» Data excerpts
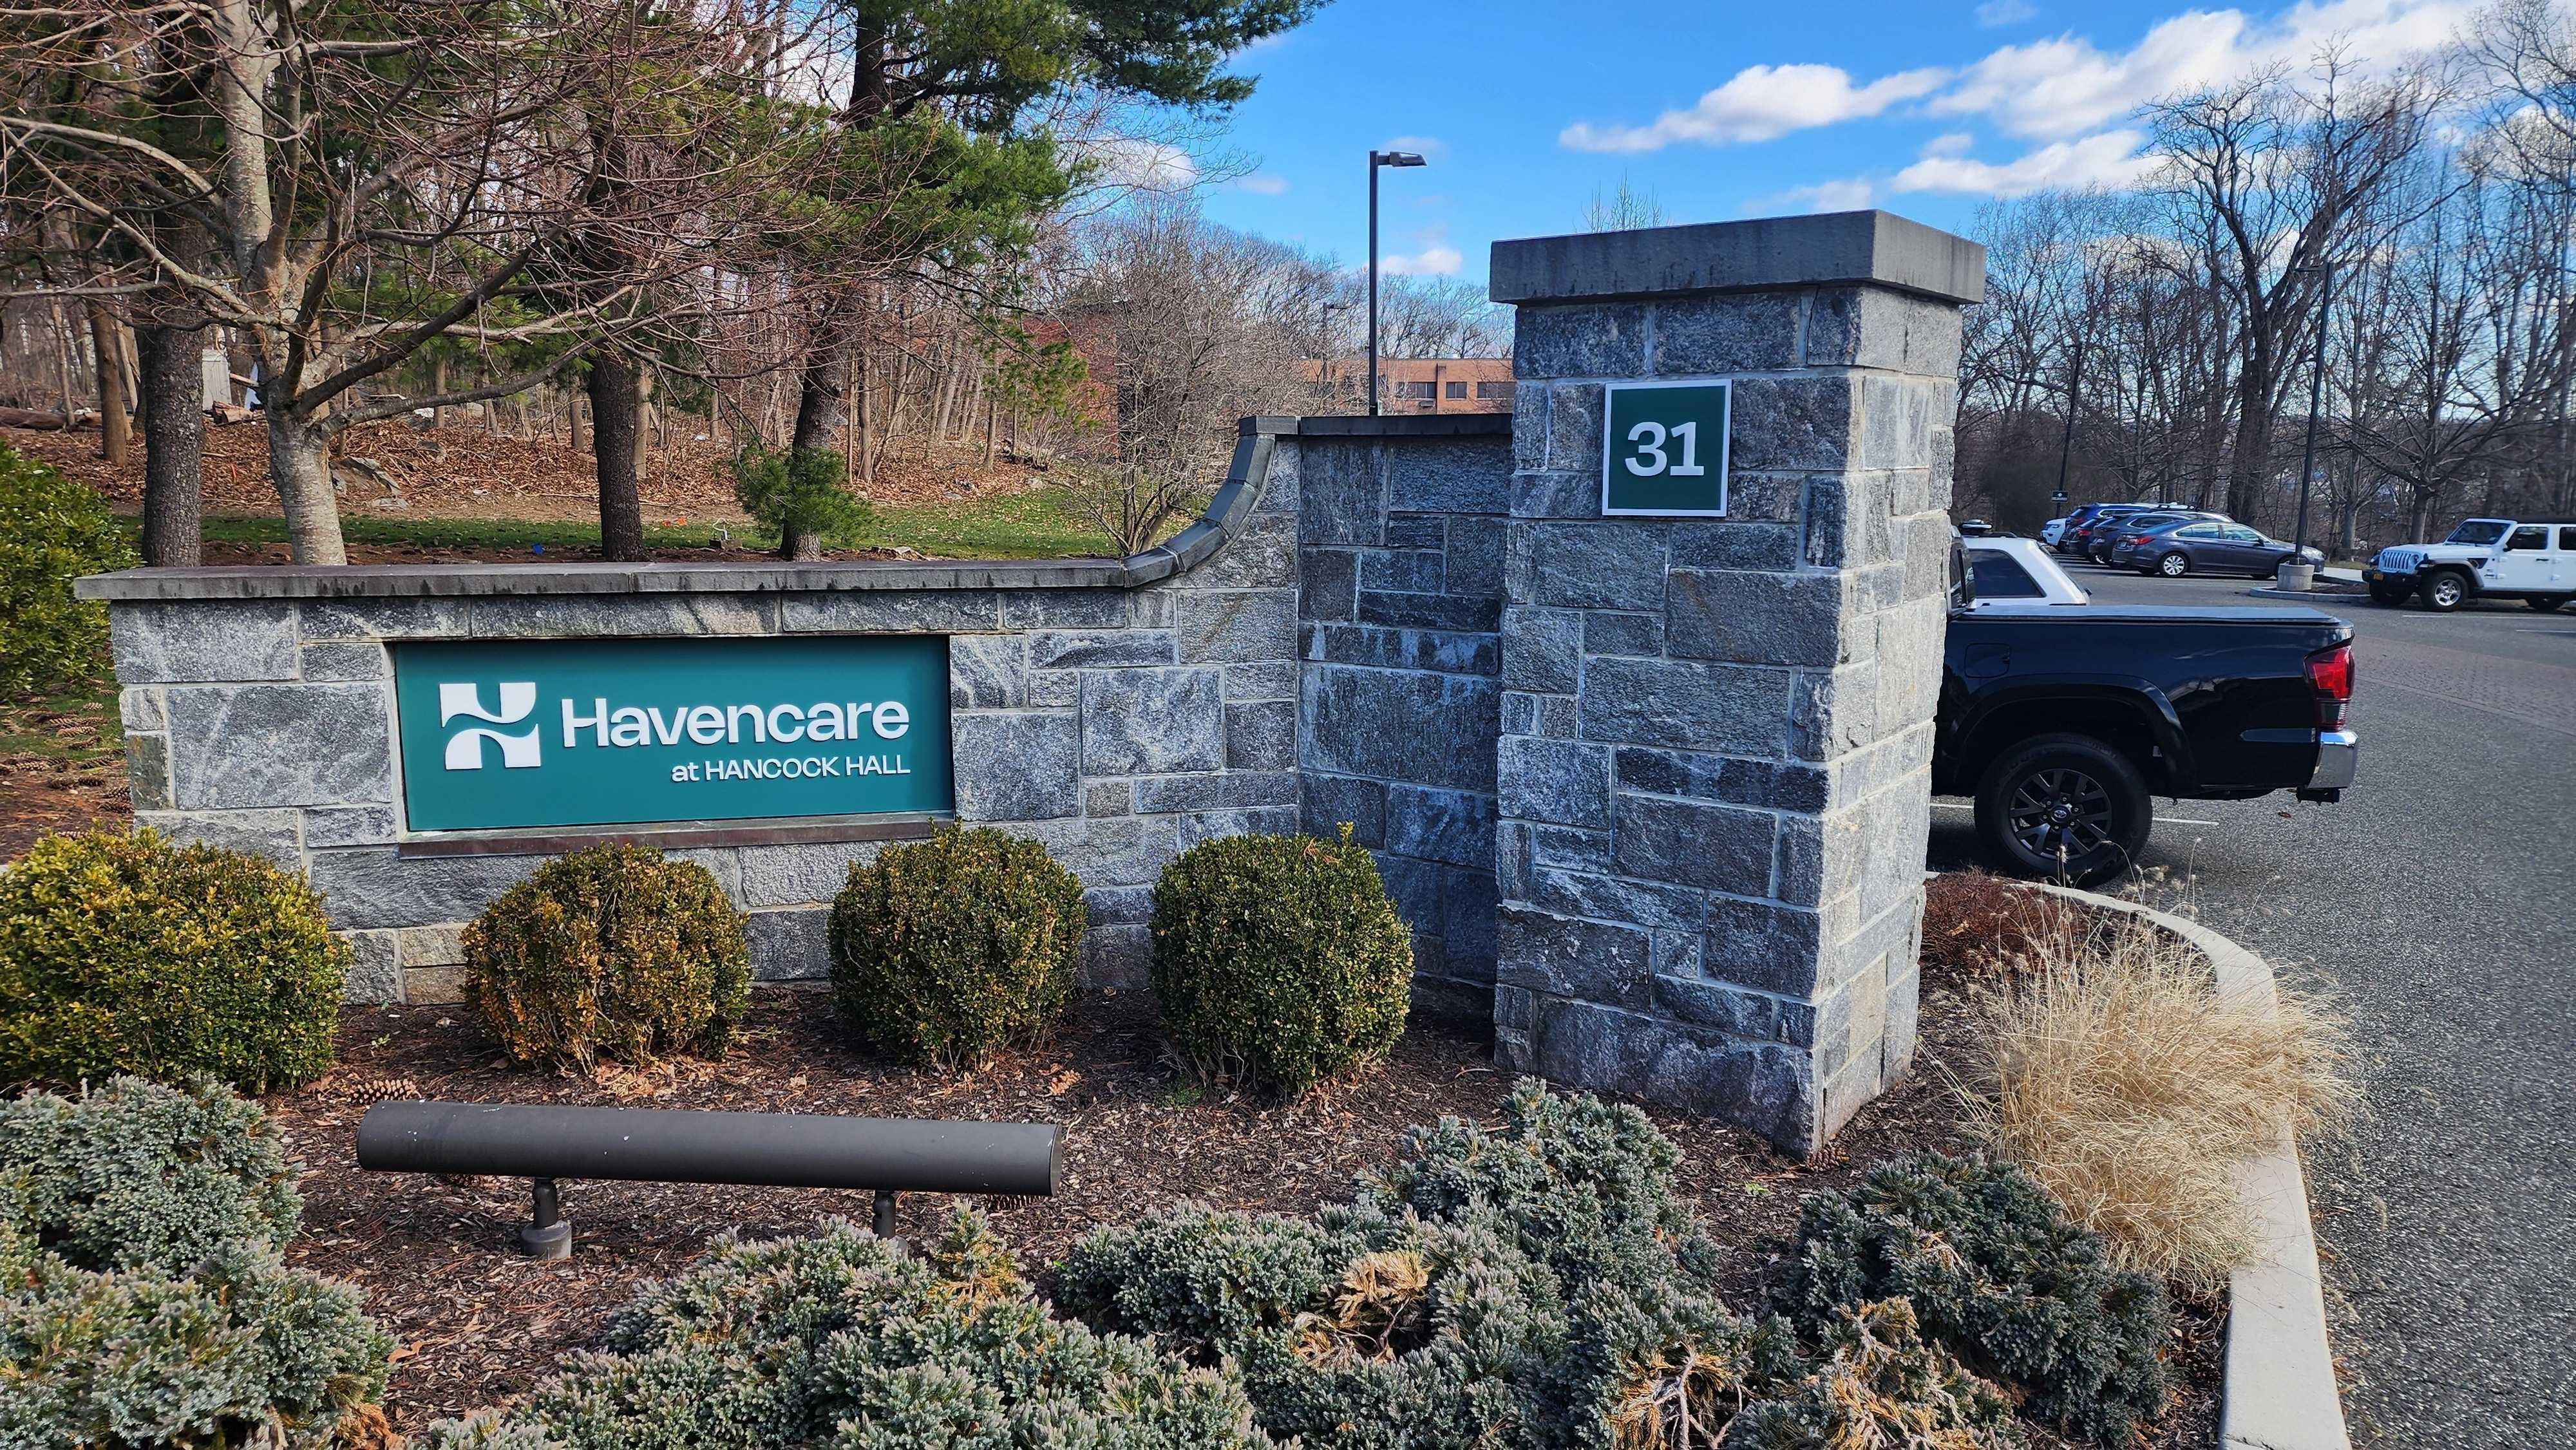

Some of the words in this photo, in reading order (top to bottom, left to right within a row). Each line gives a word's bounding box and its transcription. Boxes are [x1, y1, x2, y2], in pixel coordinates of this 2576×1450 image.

[1625, 422, 1705, 476] 31
[562, 697, 909, 748] Havencare
[672, 760, 700, 782] at
[705, 757, 841, 780] HANCOCK
[846, 755, 911, 777] HALL
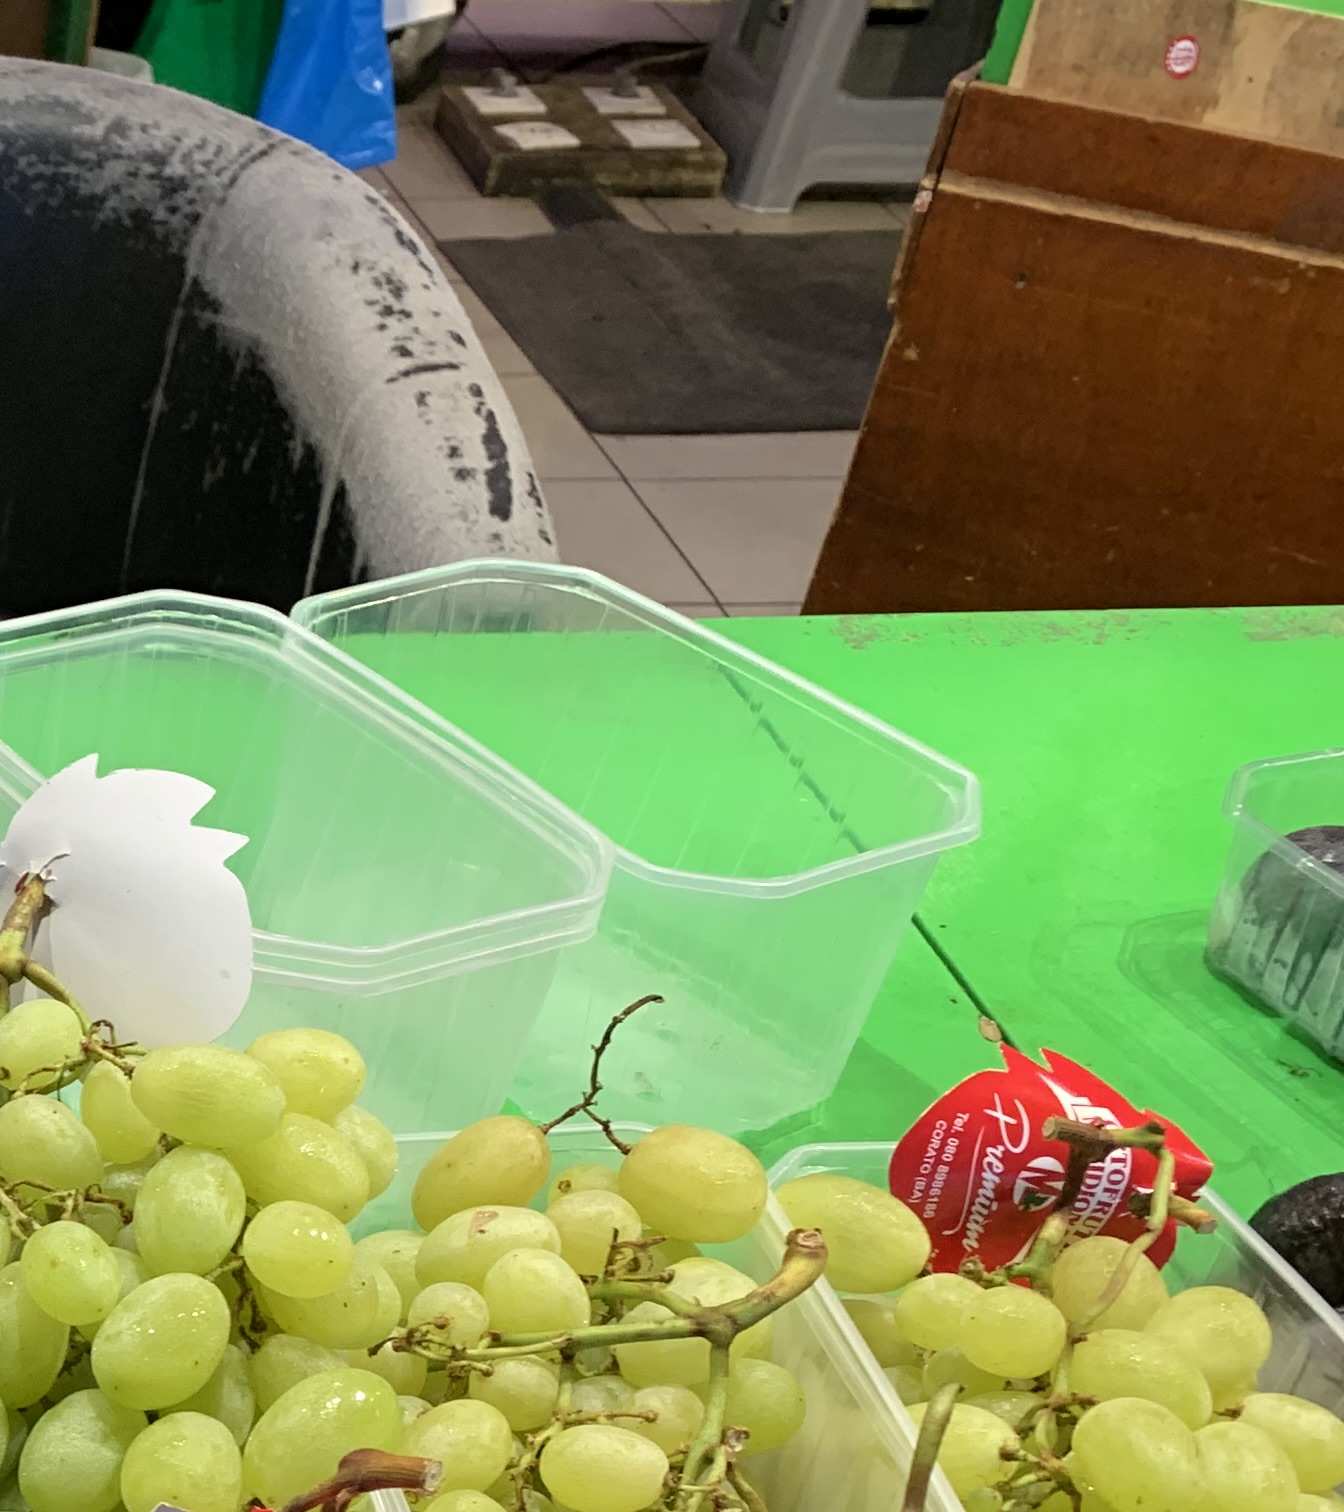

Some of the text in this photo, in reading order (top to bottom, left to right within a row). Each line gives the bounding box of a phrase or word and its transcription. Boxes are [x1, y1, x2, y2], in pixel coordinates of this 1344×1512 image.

[941, 1137, 960, 1162] 080
[950, 1112, 970, 1133] Tel.
[908, 1119, 948, 1204] CORATO (BA)
[962, 1092, 1031, 1252] Premium

» What the task asks
Output, exactly and with nothing else, the lines from the line containing "Some of the text" to the end of the entries.

» Expected output
Some of the text in this photo, in reading order (top to bottom, left to right within a row). Each line gives the bounding box of a phrase or word and its transcription. Boxes are [x1, y1, x2, y2], in pixel coordinates of this 1344×1512 image.

[941, 1137, 960, 1162] 080
[950, 1112, 970, 1133] Tel.
[908, 1119, 948, 1204] CORATO (BA)
[962, 1092, 1031, 1252] Premium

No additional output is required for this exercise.